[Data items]
-------------------------

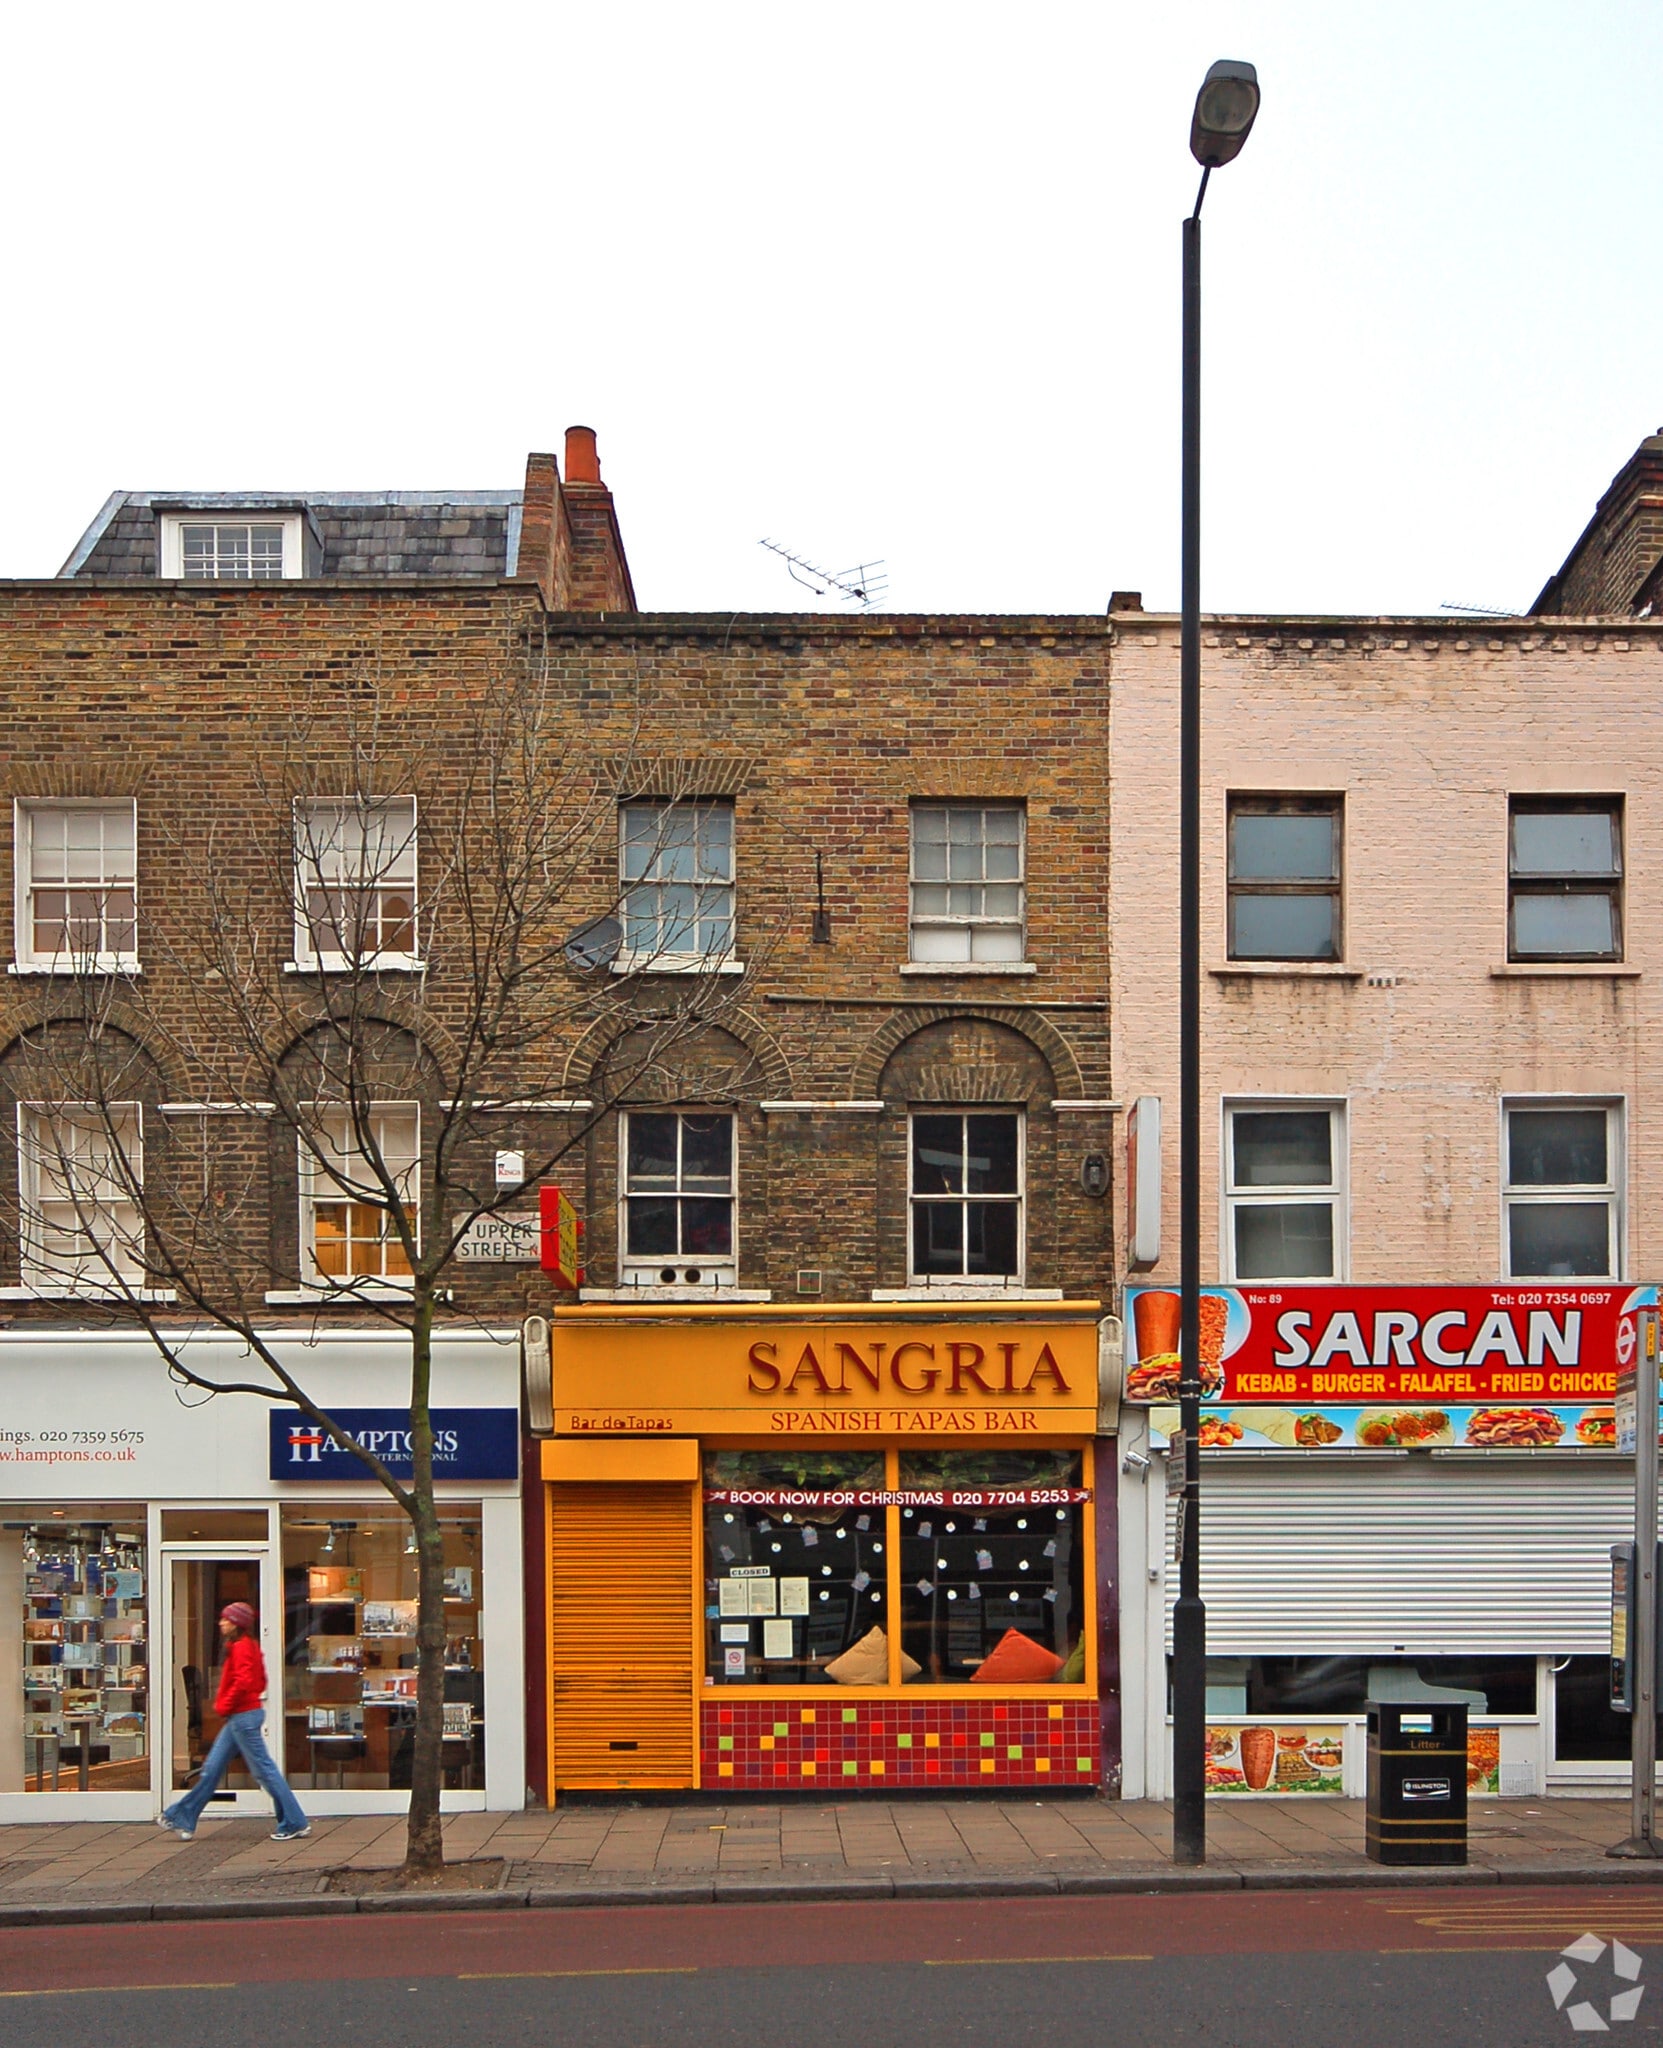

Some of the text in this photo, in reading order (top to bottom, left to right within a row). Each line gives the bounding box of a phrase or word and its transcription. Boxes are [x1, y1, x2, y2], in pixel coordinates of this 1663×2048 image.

[476, 1224, 533, 1239] UPPER
[1249, 1294, 1282, 1304] No: 89
[1491, 1293, 1611, 1305] Tel: 020 7354 0697
[1273, 1310, 1582, 1367] SARCAN
[747, 1341, 1072, 1392] SANGRIA
[1236, 1373, 1297, 1393] KEBAB
[1312, 1373, 1386, 1393] BURGER
[1400, 1373, 1476, 1392] FALAFEL
[1491, 1373, 1545, 1392] FRIED
[1549, 1372, 1617, 1392] CHICKE
[571, 1415, 673, 1431] Bar de Tapas
[770, 1411, 1039, 1431] SPANISH TAPAS BAR
[39, 1431, 68, 1441] 020
[72, 1431, 106, 1444] 7359
[110, 1429, 144, 1444] 5675
[730, 1489, 1070, 1505] BOOK NOW FOR CHRISTMAS 020 7704 5253
[731, 1567, 769, 1576] CLOSED
[1410, 1740, 1440, 1749] Litter

-------------------------

### Exercise directions
Where a picture appears in the data, omit it; restate the rest word for word.

### Answer below
Some of the text in this photo, in reading order (top to bottom, left to right within a row). Each line gives the bounding box of a phrase or word and its transcription. Boxes are [x1, y1, x2, y2], in pixel coordinates of this 1663×2048 image.

[476, 1224, 533, 1239] UPPER
[1249, 1294, 1282, 1304] No: 89
[1491, 1293, 1611, 1305] Tel: 020 7354 0697
[1273, 1310, 1582, 1367] SARCAN
[747, 1341, 1072, 1392] SANGRIA
[1236, 1373, 1297, 1393] KEBAB
[1312, 1373, 1386, 1393] BURGER
[1400, 1373, 1476, 1392] FALAFEL
[1491, 1373, 1545, 1392] FRIED
[1549, 1372, 1617, 1392] CHICKE
[571, 1415, 673, 1431] Bar de Tapas
[770, 1411, 1039, 1431] SPANISH TAPAS BAR
[39, 1431, 68, 1441] 020
[72, 1431, 106, 1444] 7359
[110, 1429, 144, 1444] 5675
[730, 1489, 1070, 1505] BOOK NOW FOR CHRISTMAS 020 7704 5253
[731, 1567, 769, 1576] CLOSED
[1410, 1740, 1440, 1749] Litter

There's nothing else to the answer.